*** Opening of EXCERPTED RECORDS ***

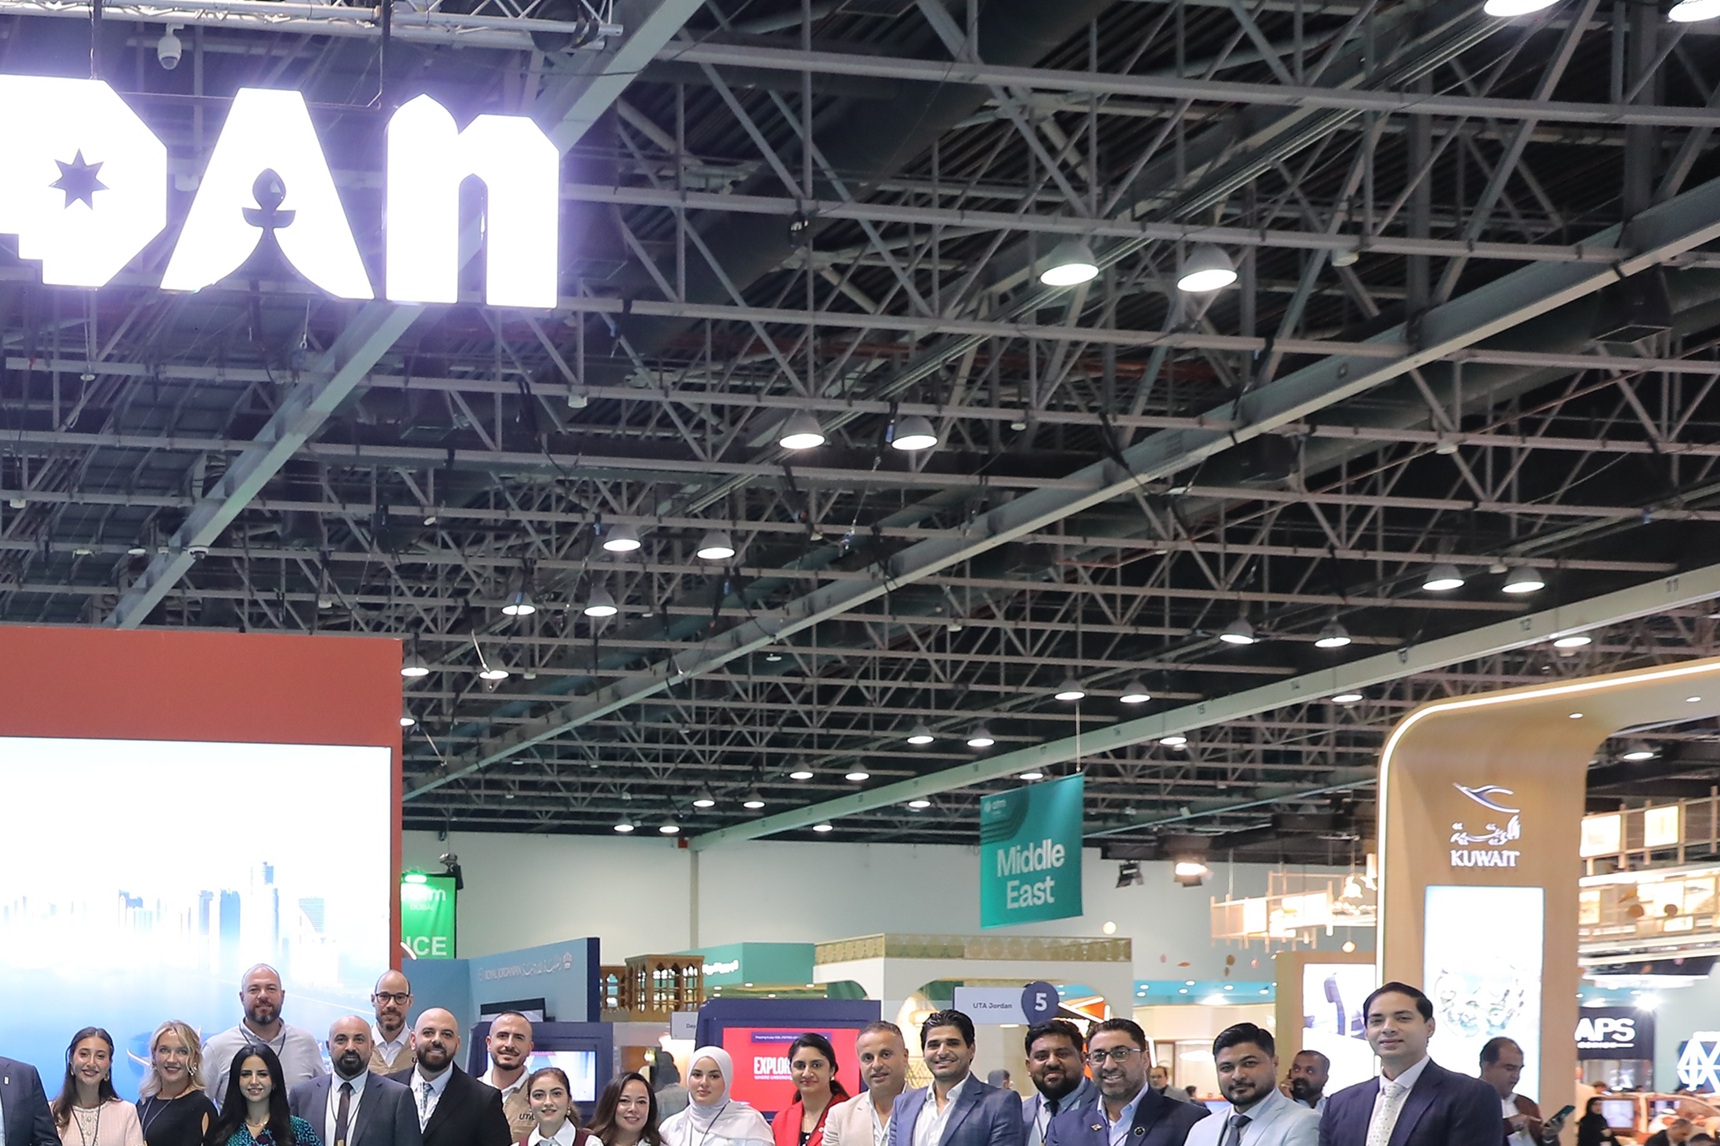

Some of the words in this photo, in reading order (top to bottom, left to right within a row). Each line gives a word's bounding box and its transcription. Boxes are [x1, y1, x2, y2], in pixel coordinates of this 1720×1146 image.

[996, 838, 1066, 878] Middle
[1449, 849, 1521, 867] KUWAIT
[1006, 875, 1056, 910] East
[1034, 992, 1048, 1011] 5
[1574, 1017, 1636, 1041] APS
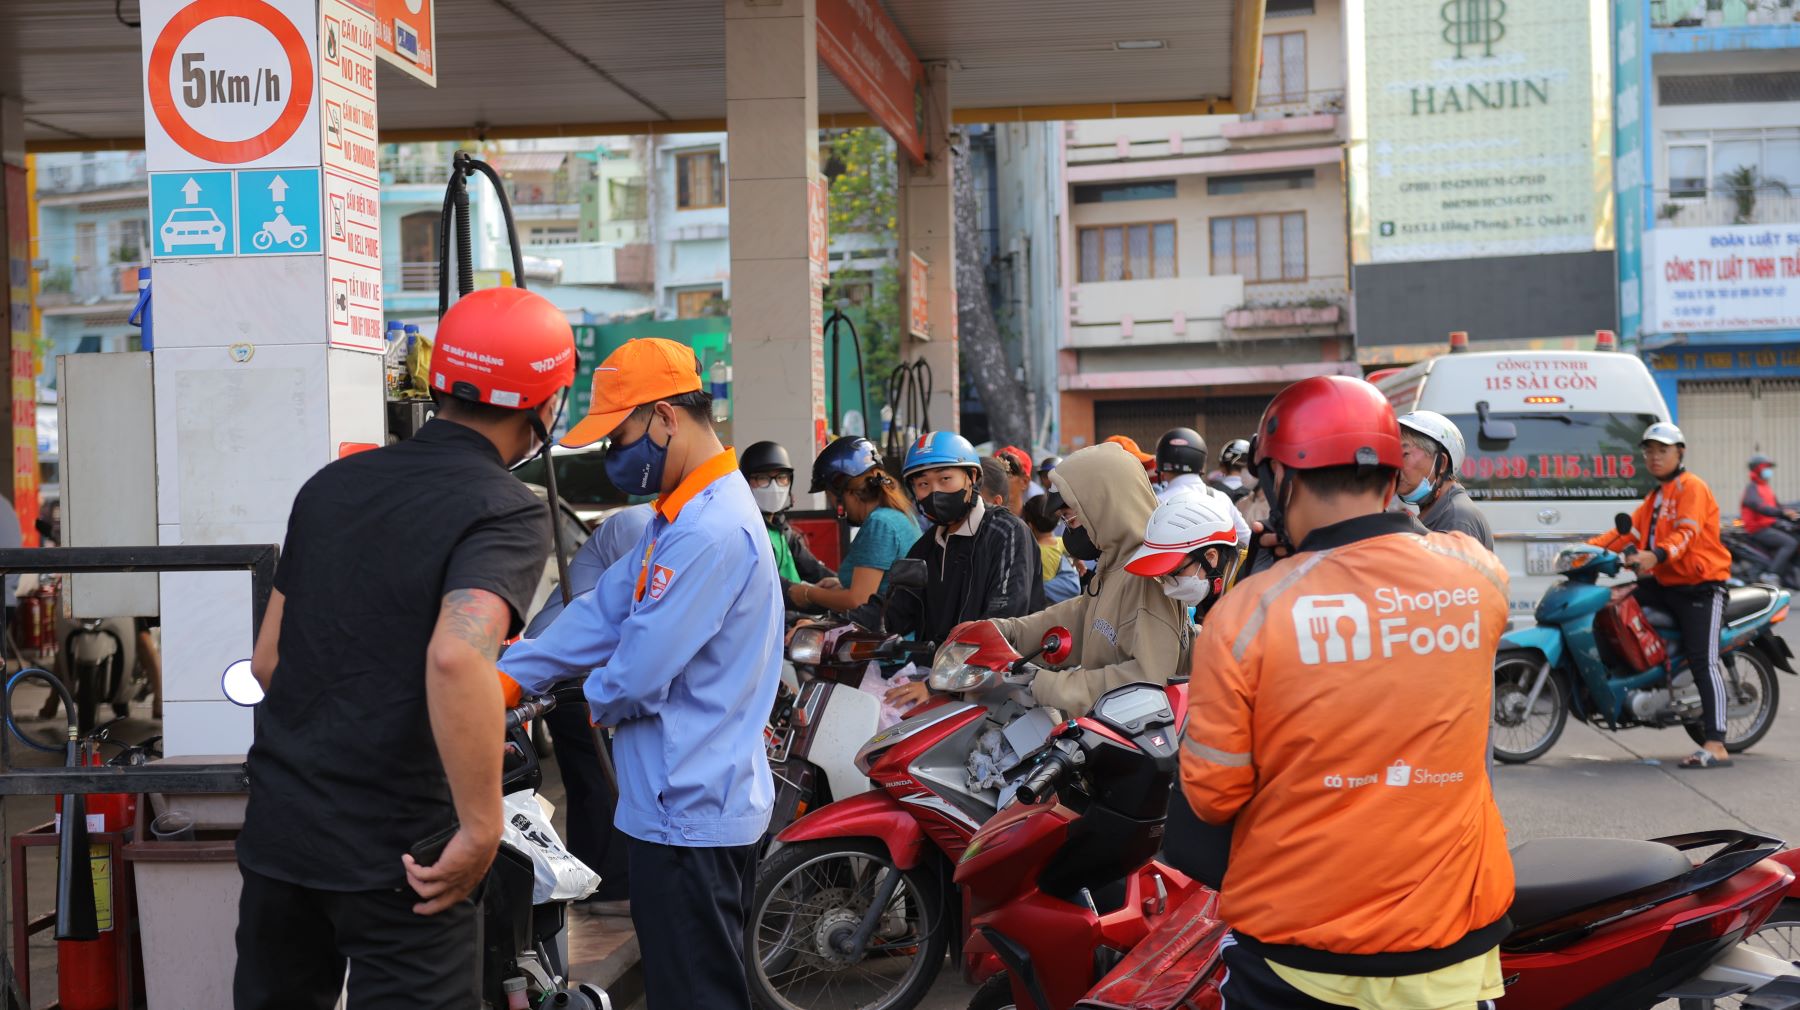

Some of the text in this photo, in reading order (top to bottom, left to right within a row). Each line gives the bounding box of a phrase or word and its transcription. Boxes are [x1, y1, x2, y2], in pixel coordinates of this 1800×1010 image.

[342, 18, 372, 50] CẤM LỬA
[182, 53, 280, 108] 5Km/h
[342, 56, 372, 90] NO FIRE
[1410, 77, 1550, 116] HANJIN
[342, 100, 374, 130] CẤM HÚT THUỐC
[344, 142, 376, 169] NO SMOKING
[346, 188, 377, 222] CẤM ĐIỆN THOẠI
[347, 232, 378, 258] NO CELL PHONE
[1710, 232, 1744, 248] ĐOÀN
[1749, 231, 1781, 248] LUẬT
[1665, 255, 1696, 282] CÔNG
[1699, 258, 1712, 282] TY
[1717, 254, 1744, 284] LUẬT
[1748, 257, 1776, 279] TNHH
[349, 272, 380, 302] TẮT MÁY XE
[1496, 358, 1588, 370] CÔNG TY TNHH
[1485, 372, 1597, 390] 115 SÀI GÒN
[1462, 454, 1636, 479] 0939.115.115
[1374, 586, 1480, 616] Shopee
[1379, 610, 1480, 658] Food
[1324, 774, 1343, 788] CÓ
[1414, 768, 1464, 786] Shopee
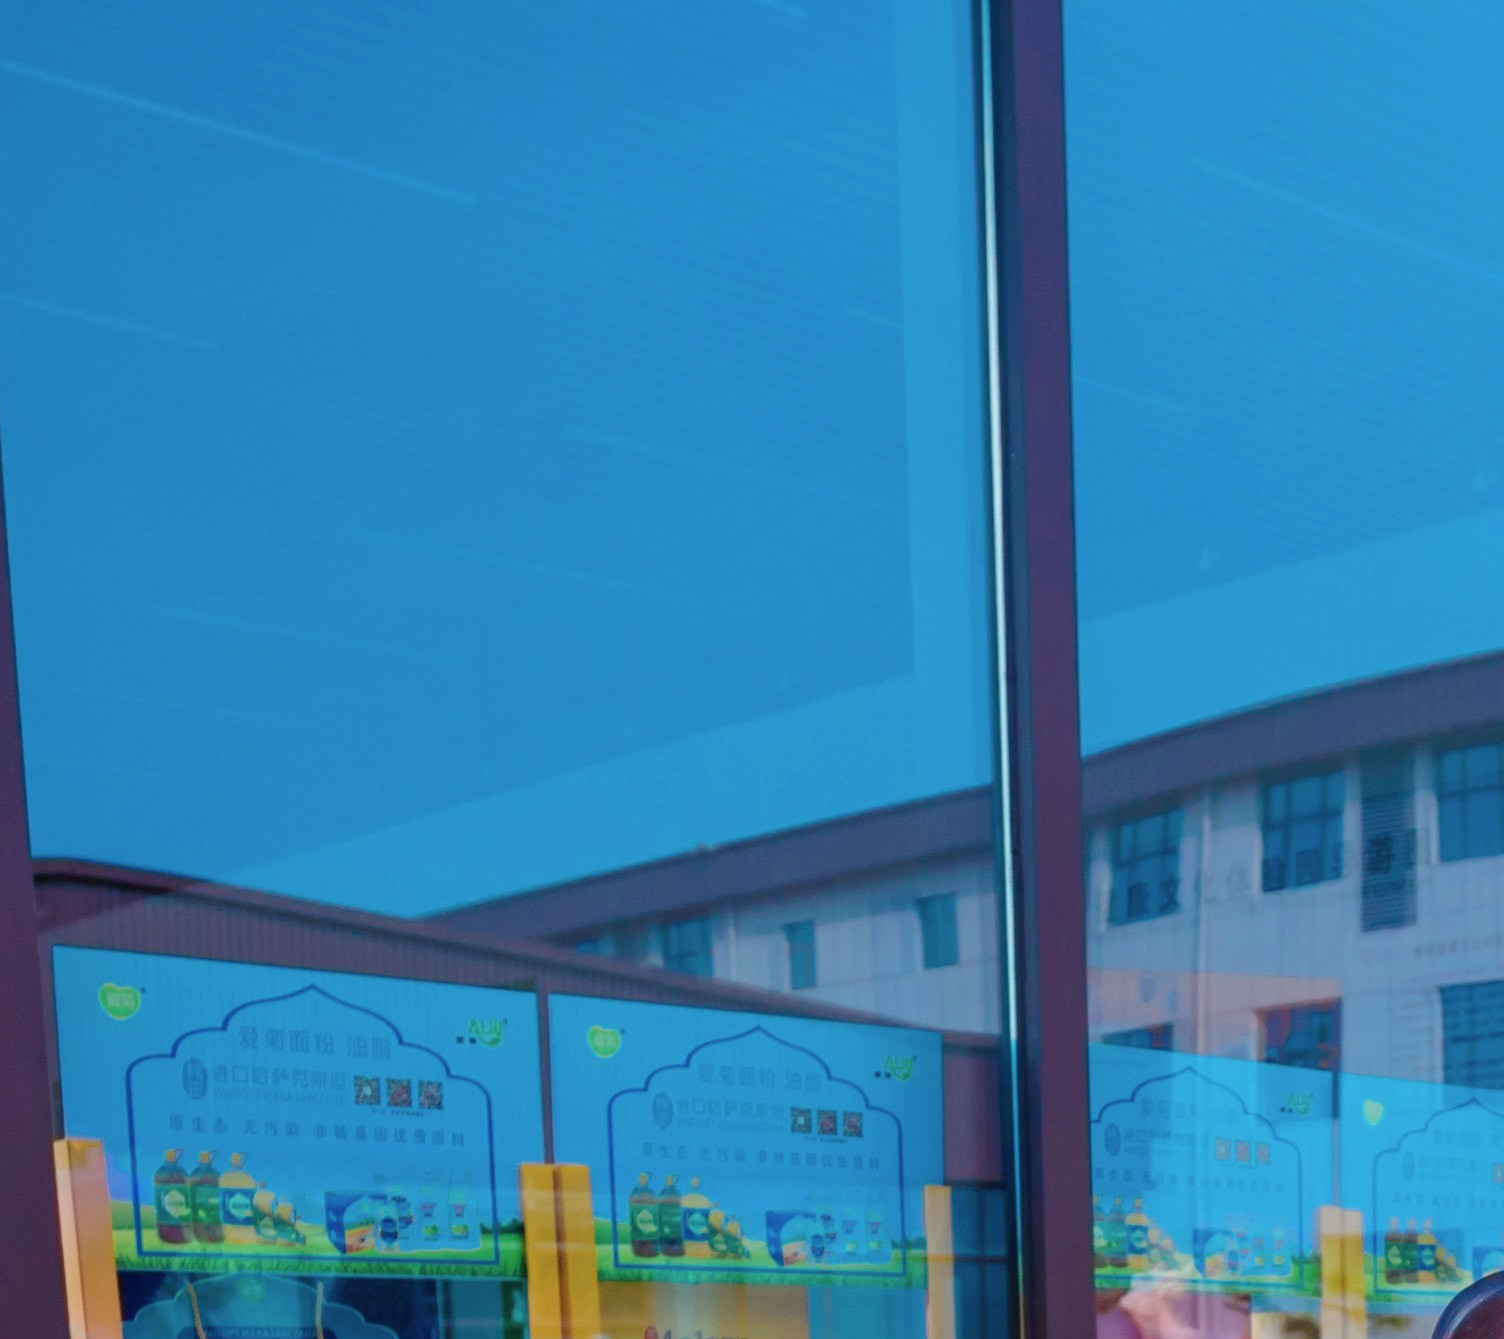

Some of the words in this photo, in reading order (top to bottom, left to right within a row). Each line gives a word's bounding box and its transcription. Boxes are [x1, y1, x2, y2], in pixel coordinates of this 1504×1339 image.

*** Close of EXCERPTED RECORDS ***

▸ **WHAT YOU HAVE TO DO**:
Copy out all the data above exactly as written. Skip the pictures.

▸ **WRITTEN SOLUTION**:
Some of the words in this photo, in reading order (top to bottom, left to right within a row). Each line gives a word's bounding box and its transcription. Boxes are [x1, y1, x2, y2], in pixel coordinates of this 1720×1146 image.

[996, 838, 1066, 878] Middle
[1449, 849, 1521, 867] KUWAIT
[1006, 875, 1056, 910] East
[1034, 992, 1048, 1011] 5
[1574, 1017, 1636, 1041] APS

Some of the text in this photo, in reading order (top to bottom, left to right within a row). Each line gives the bounding box of a phrase or word and its transcription. Boxes are [x1, y1, x2, y2], in pixel coordinates of this 1800×1010 image.

[342, 18, 372, 50] CẤM LỬA
[182, 53, 280, 108] 5Km/h
[342, 56, 372, 90] NO FIRE
[1410, 77, 1550, 116] HANJIN
[342, 100, 374, 130] CẤM HÚT THUỐC
[344, 142, 376, 169] NO SMOKING
[346, 188, 377, 222] CẤM ĐIỆN THOẠI
[347, 232, 378, 258] NO CELL PHONE
[1710, 232, 1744, 248] ĐOÀN
[1749, 231, 1781, 248] LUẬT
[1665, 255, 1696, 282] CÔNG
[1699, 258, 1712, 282] TY
[1717, 254, 1744, 284] LUẬT
[1748, 257, 1776, 279] TNHH
[349, 272, 380, 302] TẮT MÁY XE
[1496, 358, 1588, 370] CÔNG TY TNHH
[1485, 372, 1597, 390] 115 SÀI GÒN
[1462, 454, 1636, 479] 0939.115.115
[1374, 586, 1480, 616] Shopee
[1379, 610, 1480, 658] Food
[1324, 774, 1343, 788] CÓ
[1414, 768, 1464, 786] Shopee

Some of the words in this photo, in reading order (top to bottom, left to right within a row). Each line gives a word's bounding box and its transcription. Boxes are [x1, y1, x2, y2], in pixel coordinates of this 1504×1339 image.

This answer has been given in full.